Kathryn E. Battle, Krishna Pacifici, Jaime Collazo, and Brian Reich. 2020. Using biodiversity metrics to guide conservation planning in altered tropical landscapes. Caribbean Naturalist 77:1-17. ISSN 2326-7119.

Abstract

Biodiversity metrics are frequently used to guide conservation planning because they can summarize biogeographical attributes of plant and animal communities quickly and at multiple scales. Attributes include habitat features of high conservation value, representativeness and redundancy of biological communities. We conducted a rapid ecological assessment of resident avian species in the west-central mountainous region of Puerto Rico in 2015, a landscape dominated by coffee cultivation.

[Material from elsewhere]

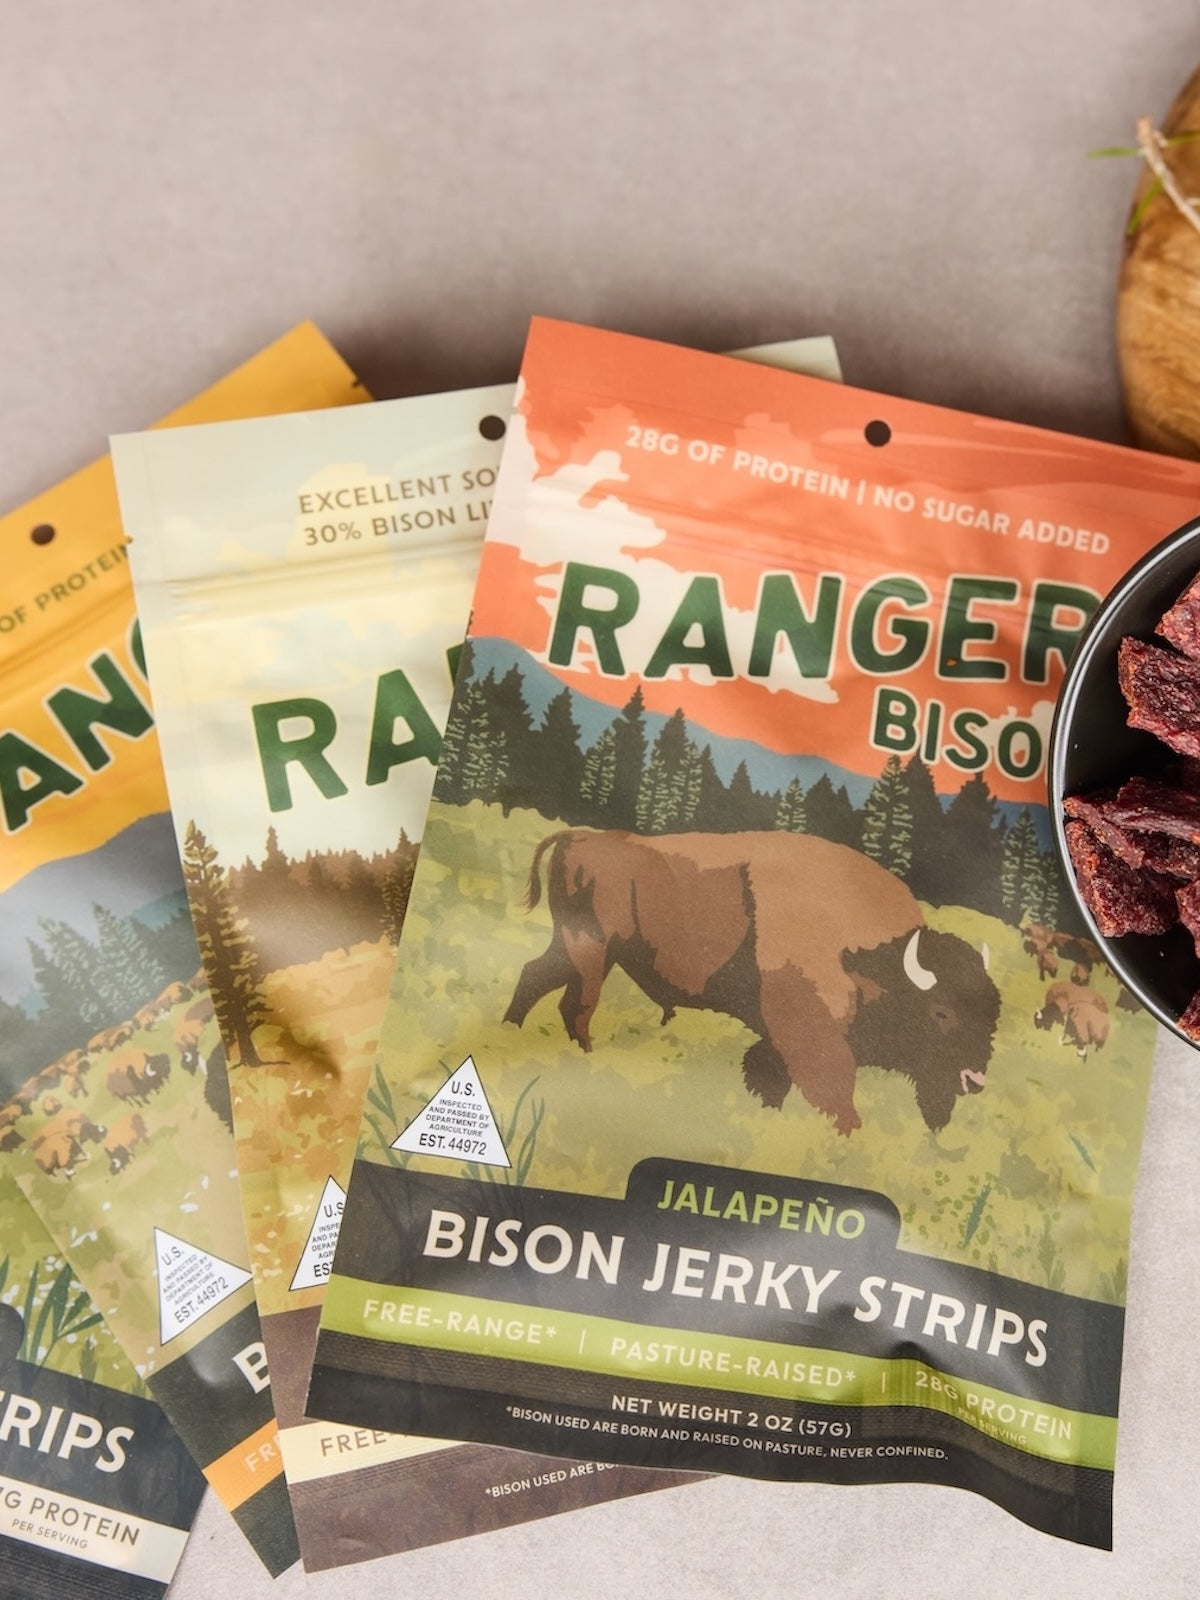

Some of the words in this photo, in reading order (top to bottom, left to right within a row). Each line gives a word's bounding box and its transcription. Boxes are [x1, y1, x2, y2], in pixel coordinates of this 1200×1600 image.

We focused on this landscape because shade and shade-restored coffee plantations offer an opportunity to complement protected habitat (e.g., reserves) to enhance species persistence. We used species richness, which tallies the number of unique species, and a quadratic entropy index of diversity, which incorporates interspecific taxonomic differentiation to evaluate species representativeness and redundancy across sun and shade coffee plantations and secondary forest. We surveyed 120 sites, calculating both metrics using species-specific occupancy probabilities estimated from community-level occupancy models. Species representativeness and redundancy was high as neither metric was able to discriminate among habitat classes, possibly because plant communities were redundant and the avian community was dominated by species adept at exploiting altered habitats. Similarly, we could not discriminate among avian communities modeling each biodiversity metric as a function of site-specific habitat covariates. Our findings and available knowledge on avian community demographics suggest that conservation strategies could couple protected habitat (e.g., reserves) and restored habitat (e.g., coffee plantations) to enhance species diversity and persistence across human-modified landscapes.